**Work instructions:**
Exact reproduction of all the entries is required, without any of their pictures.

Referring expression grounding data

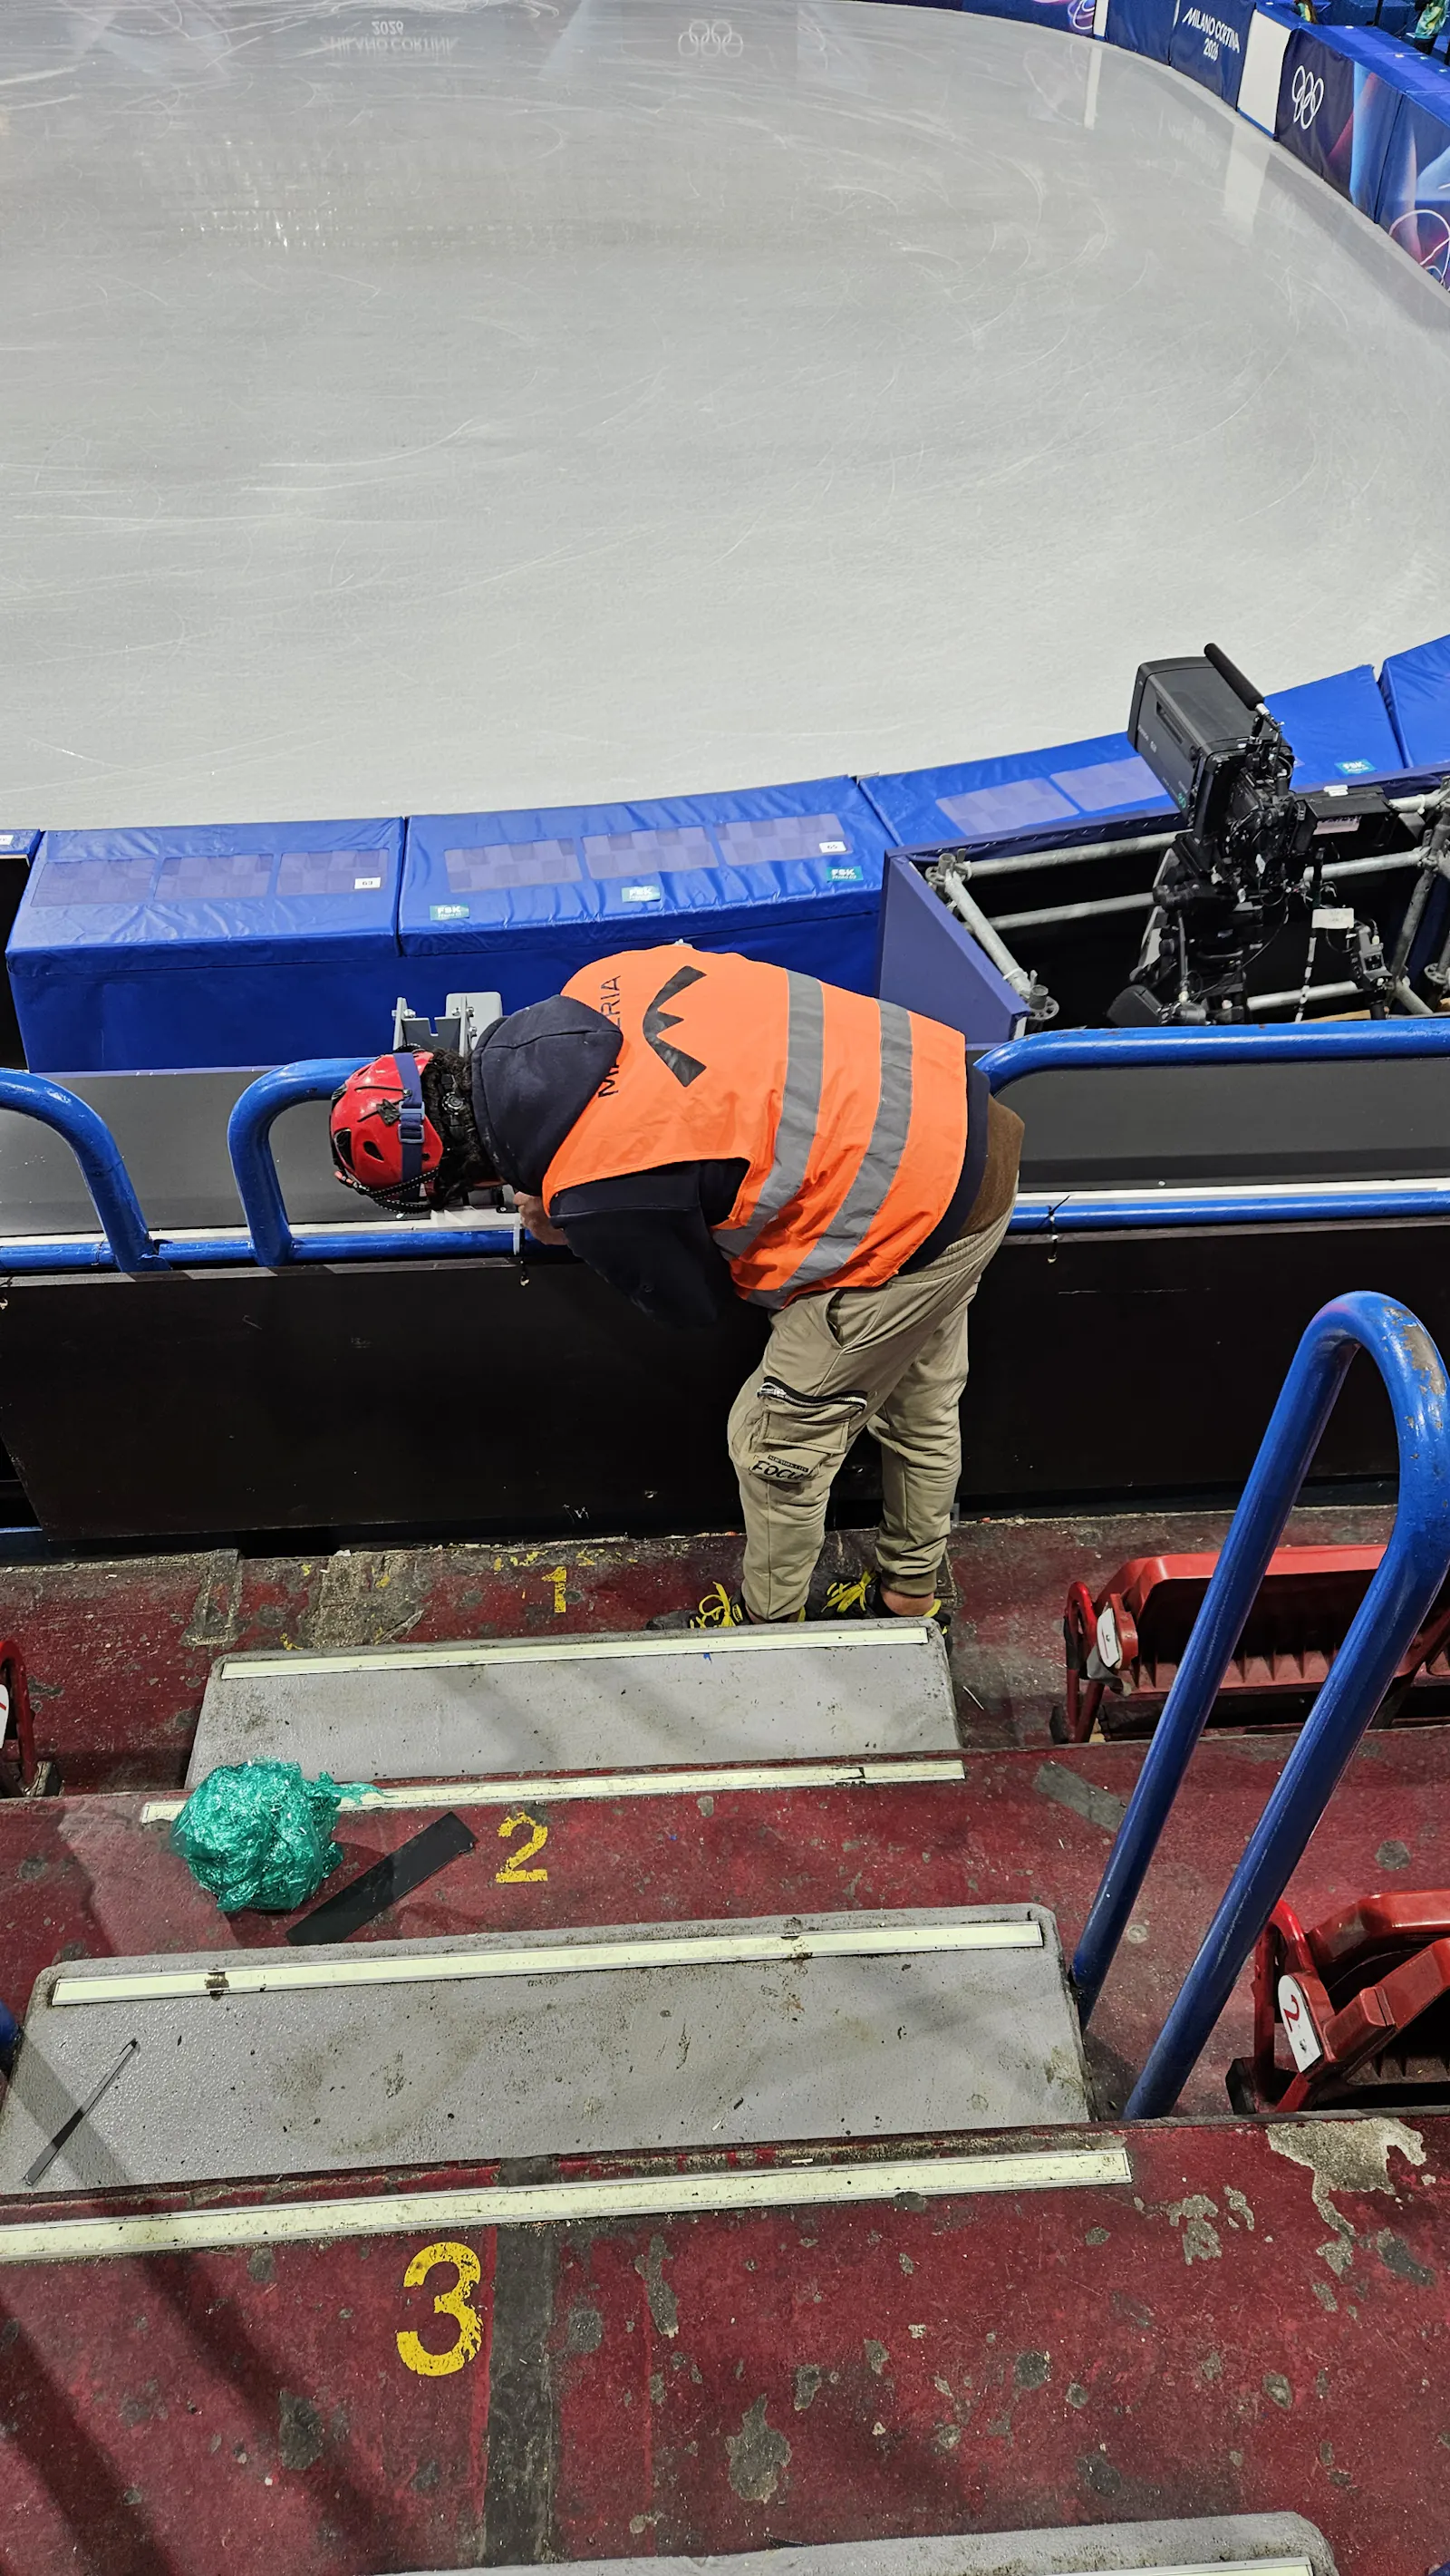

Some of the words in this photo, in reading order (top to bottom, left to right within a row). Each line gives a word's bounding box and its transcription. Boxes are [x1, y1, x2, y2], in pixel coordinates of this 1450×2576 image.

[1182, 7, 1215, 36] MILANO
[1215, 20, 1240, 53] CORTINA
[1203, 37, 1220, 62] 2026
[437, 905, 461, 914] FSK
[541, 1566, 566, 1612] 1
[495, 1812, 548, 1883] 2
[1283, 1994, 1300, 2032] 2
[397, 2242, 483, 2377] 3

**Result of this task:**
Some of the words in this photo, in reading order (top to bottom, left to right within a row). Each line gives a word's bounding box and its transcription. Boxes are [x1, y1, x2, y2], in pixel coordinates of this 1450×2576 image.

[1182, 7, 1215, 36] MILANO
[1215, 20, 1240, 53] CORTINA
[1203, 37, 1220, 62] 2026
[437, 905, 461, 914] FSK
[541, 1566, 566, 1612] 1
[495, 1812, 548, 1883] 2
[1283, 1994, 1300, 2032] 2
[397, 2242, 483, 2377] 3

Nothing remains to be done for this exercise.